Falta de separación de los reclusos por categorías

En sus visitas a diferentes cárceles, la Comisión pudo verificar, por declaraciones de los presos y confirmadas por autoridades penitenciarias, que en muchos centros penales no hay división de los internos por categorías.

Por el contrario, en los mismos establecimientos y en los mismos espacios conviven presos condenados por diferentes tipos de delitos, detenidos en prisión preventiva, y detenidos en flagrante delito.

El artículo 5(4) de la Convención Americana señala que «los procesados deben estar separados de los condenados, salvo en circunstancias excepcionales». Las Reglas Mínimas para el tratamiento de los reclusos también señalan que los reclusos «pertenecientes a categorías diversas deberán ser alojados en diferentes alojamientos o en diferentes secciones dentro de los establecimientos, según su sexo y edad, sus antecedentes, los motivos de su detención y el trato que corresponda aplicarles».

Las autoridades de las prisiones reconocen que no ha habido ninguna categorización de los presos, debido, en parte, a la planta física de muchas cárceles del país, que se caracterizan por pabellones grandes sin divisiones suficientes para separar a los reclusos.

Los nuevos proyectos para la construcción y remodelación de cárceles prevén una mayor posibilidad de separar a las diferentes clases de presos. Un proyecto importante es el destinado a construir una cárcel preventiva para 500 mujeres en el Departamento Judicial del Distrito Nacional. Hasta el momento, el Departamento Judicial de Santo Domingo no tiene cárcel preventiva ni para hombres ni para mujeres.

El Gobierno ha señalado en sus observaciones que con la reciente designación de las cárceles La Victoria y Najayo como centros preventivos, y las de Monte Plata y 15 de Azua como centros de sentenciados, se inició la separación entre reclusos preventivos y sentenciados; no obstante, el Gobierno indicó que todavía no se completaba la tarea.

El actual Gobierno y la Dirección General de Prisiones han señalado que desean dar prioridad a resolver la situación de los menores encarcelados junto con adultos, que es claramente violatoria de los estándares internacionales. Por ejemplo, a principios de 1997, se encontraron en la Cárcel de La Victoria más de 250 menores de edad conviviendo con los adultos detenidos allí. Todos estos menores fueron transportados a un centro de corrección nuevo, en la ciudad de Azua.

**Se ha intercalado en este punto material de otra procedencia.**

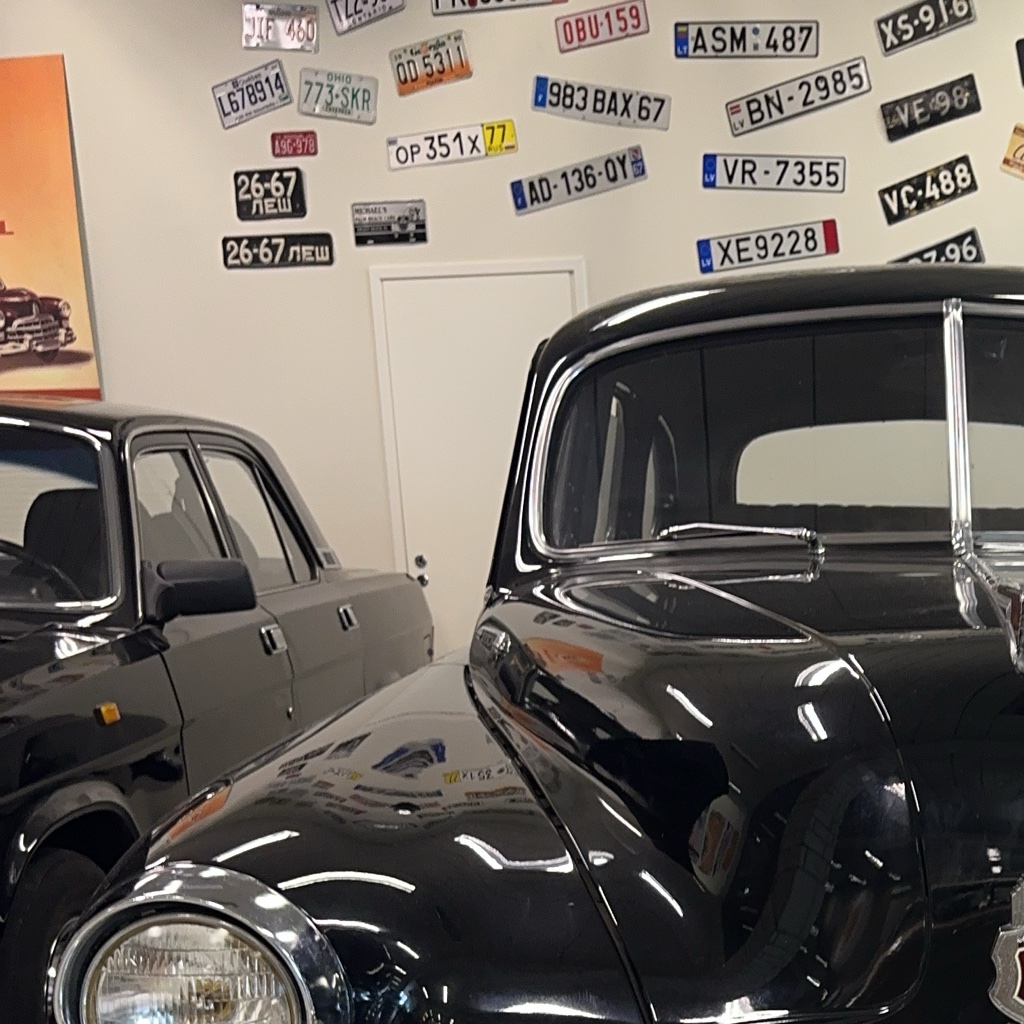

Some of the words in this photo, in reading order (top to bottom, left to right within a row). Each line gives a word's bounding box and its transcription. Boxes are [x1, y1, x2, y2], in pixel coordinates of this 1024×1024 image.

[286, 18, 315, 42] 460
[693, 26, 747, 53] ASM
[766, 26, 813, 52] 487
[422, 45, 465, 78] 5311
[327, 72, 352, 84] OHIO
[218, 72, 284, 117] L678914
[549, 82, 588, 111] 983
[592, 88, 633, 118] BAX
[638, 95, 666, 122] 67
[746, 63, 864, 125] BN-2985
[486, 124, 506, 144] 77
[237, 171, 297, 200] 26-67
[704, 173, 716, 182] LV
[701, 258, 711, 268] LV
[717, 227, 818, 266] XE9228

No obstante, las organizaciones no gubernamentales que trabajan en el tema de los derechos humanos denuncian que los tribunales siguen enviando reclusos menores a instituciones carcelarias para adultos. El día de la visita de la Comisión al centro penitenciario de La Victoria se encontraban tres menores en dicha cárcel, quienes habían sido enviados el día anterior por el tribunal y que estaban siendo trasladados a una cárcel adecuada para ellos.

La Comisión recibió información de la Dirección General de Prisiones y de fuentes no estatales indicando que varios niños menores de un año de edad estaban alojados con sus padres en los centros penitenciarios del país.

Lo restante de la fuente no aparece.